In the deep past we all shared the planet, even living alongside each other at certain times, in particular places. For some academics, this cosmopolitan moment in our ancient history lies at the heart of what it means to be modern. When we imagine these other humans, it’s often as knuckle-dragging thugs. We must have had qualities that they didn’t have, something that gave us an edge, the ability to survive and thrive as they went extinct. The word ‘Neanderthal’ has long been a term of abuse. Dictionaries define it both as an extinct species of human that lived in ice-age Europe, and an uncivilised, uncouth man of low intelligence. Neanderthals and Homo erectus made stone tools like our own species, Homo sapiens, Smith explains, but as far as convincing evidence goes, he believes none had the same capacity to think symbolically, to talk in past and future tenses, to produce art quite like our own. These are the things that made us modern, that set us apart.
What separated ‘us’ from ‘them’ goes to the core of who we are. But it’s not just a question for the past. Today, being human might seem so patently clear, so beyond need for clarification that it’s hard to believe that not all that long ago it wasn’t so. When archaeologists found fossils of other now-extinct human species in the late nineteenth and early twentieth centuries, they raised doubts about just how far all Homo sapiens living today really are the ‘same’. Even as recently as the 1960s it wasn’t controversial for a scientist to believe that modern humans may have evolved independently in different parts of the world from separate archaic forms. Indeed, some are still plagued by uncertainty over this question. Scientific debate around what makes a modern human a modern human is as contentious as it has ever been.
From our vantage point in the twenty-first century, this might sound absurd. The common, mainstream view is that we have shared origins, as described by the ‘Out of Africa’ hypothesis. Scientific data has confirmed in the last few decades that Homo sapiens evolved from a population of people in Africa before some of these people began migrating to the rest of the world around 100,000 years ago and adapting in small ways to their own particular environmental conditions. Within Africa, too, there was adaptation and change depending on where people lived. But overall, modern humans were then (and remain now) one species, Homo sapiens. We are special and we are united. It’s nothing less than a scientific creed.

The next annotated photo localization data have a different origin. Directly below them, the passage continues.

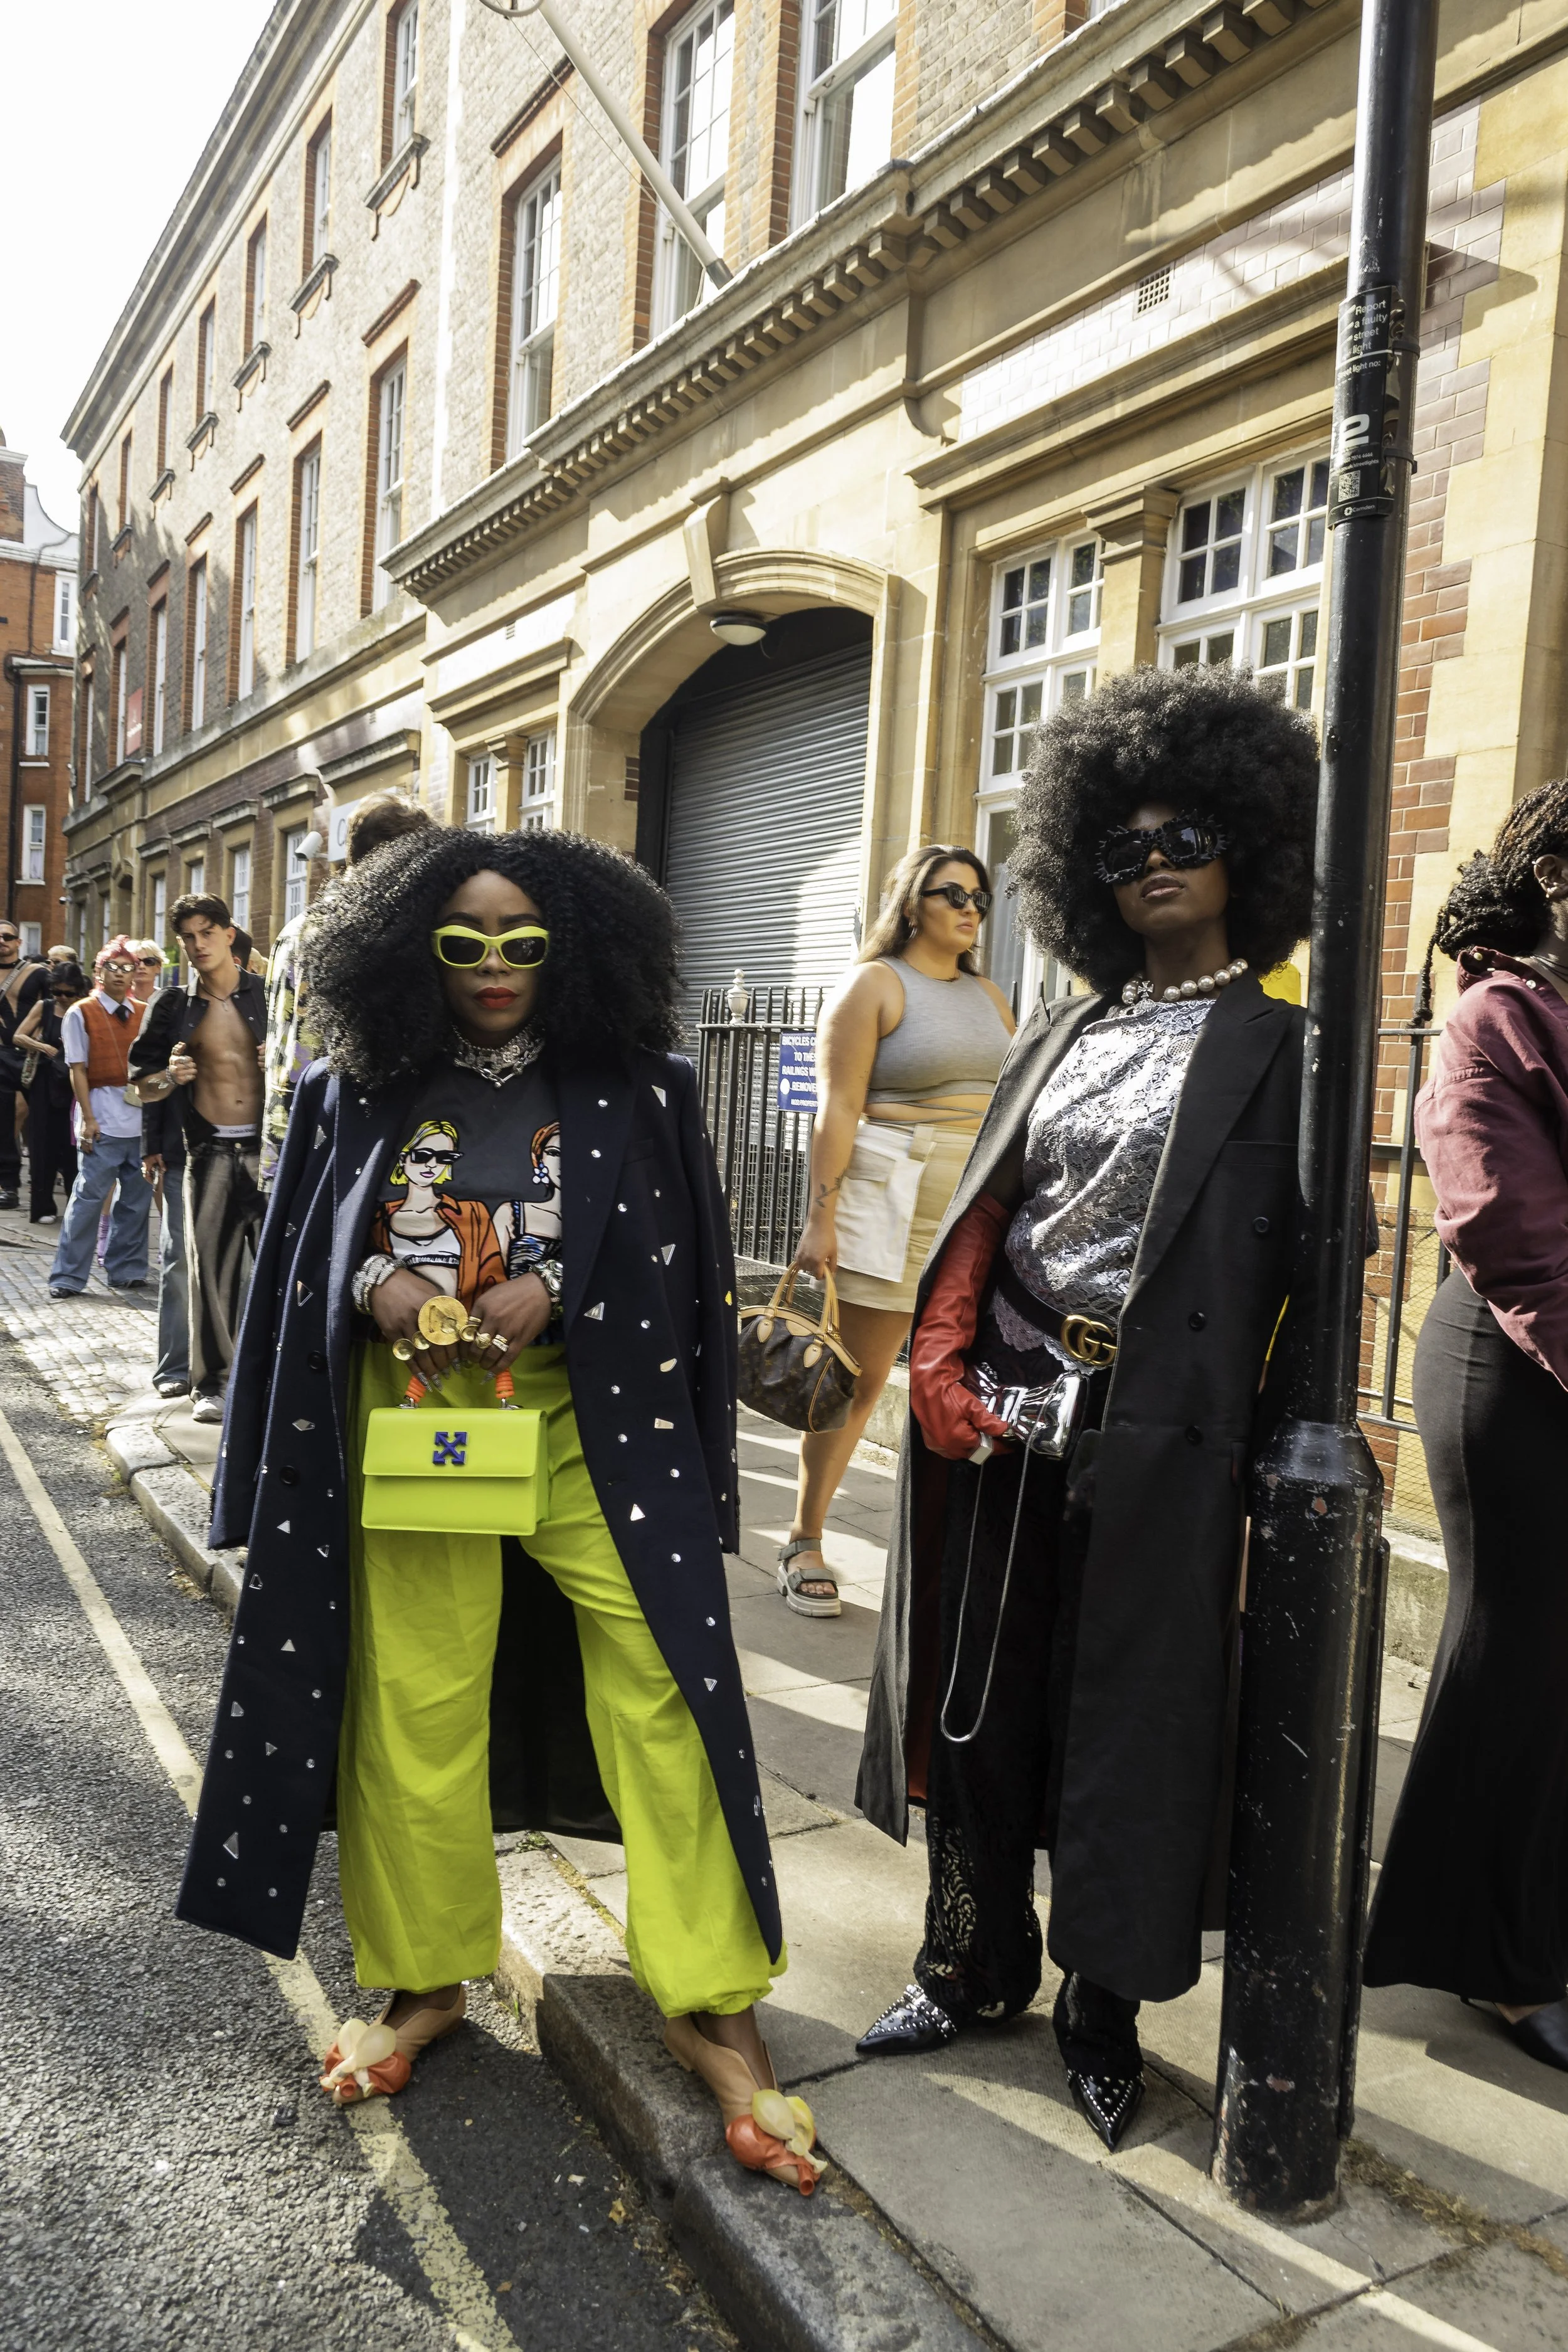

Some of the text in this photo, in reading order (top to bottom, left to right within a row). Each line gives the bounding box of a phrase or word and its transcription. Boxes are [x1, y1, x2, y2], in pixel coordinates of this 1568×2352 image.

[1355, 300, 1386, 315] Report
[1362, 314, 1387, 326] faulty
[1353, 327, 1379, 341] street
[1353, 341, 1372, 354] light
[1352, 363, 1367, 372] light
[782, 1036, 810, 1046] BICYCLES
[794, 1052, 803, 1061] TO
[782, 1066, 809, 1076] RAILINGS
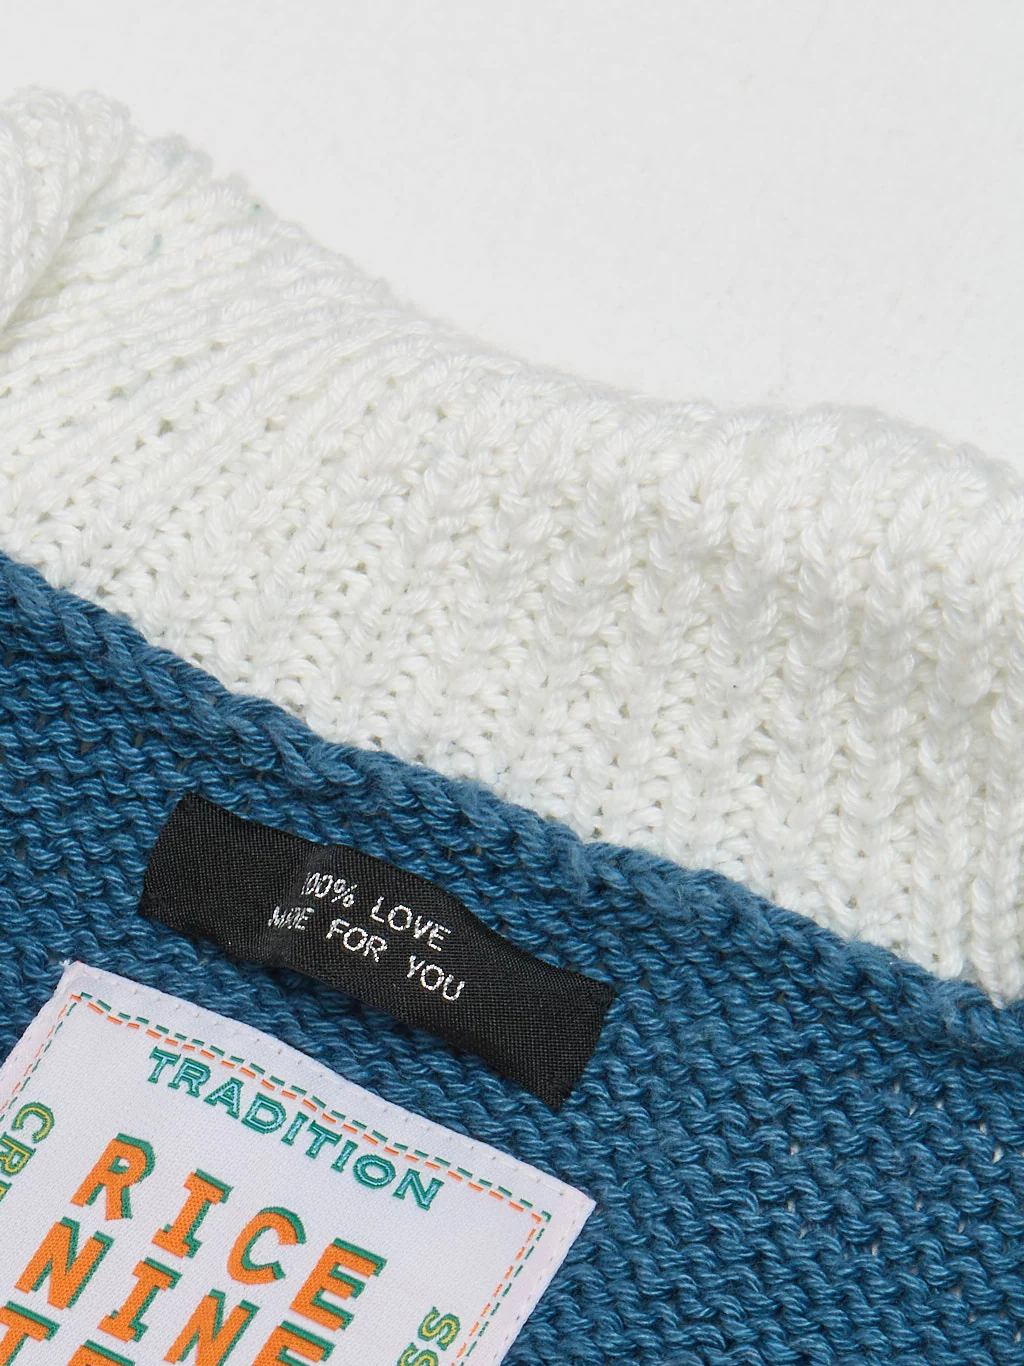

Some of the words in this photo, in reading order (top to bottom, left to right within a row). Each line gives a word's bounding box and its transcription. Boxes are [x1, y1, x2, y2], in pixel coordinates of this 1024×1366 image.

[300, 872, 358, 908] 100%
[370, 896, 452, 951] LOVE
[326, 918, 388, 963] FOR
[407, 954, 466, 1001] YOU
[148, 1046, 445, 1211] TRADITION
[70, 1133, 387, 1332] RICE

But this isn’t a view shared universally within academia. It’s not even the mainstream belief in certain countries. There are scientists who believe that, rather than modern humans migrating out of Africa relatively recently in evolutionary time, populations on each continent actually emerged into modernity separately from ancestors who lived there as far back as millions of years ago. In other words, different groups of people became human as we know it at different times in different places. A few go so far as to wonder whether, if different populations evolved separately into modern humans, maybe this could explain what we think of today as racial difference. And if that’s the case, maybe the differences between ‘races’ run deeper than we realise.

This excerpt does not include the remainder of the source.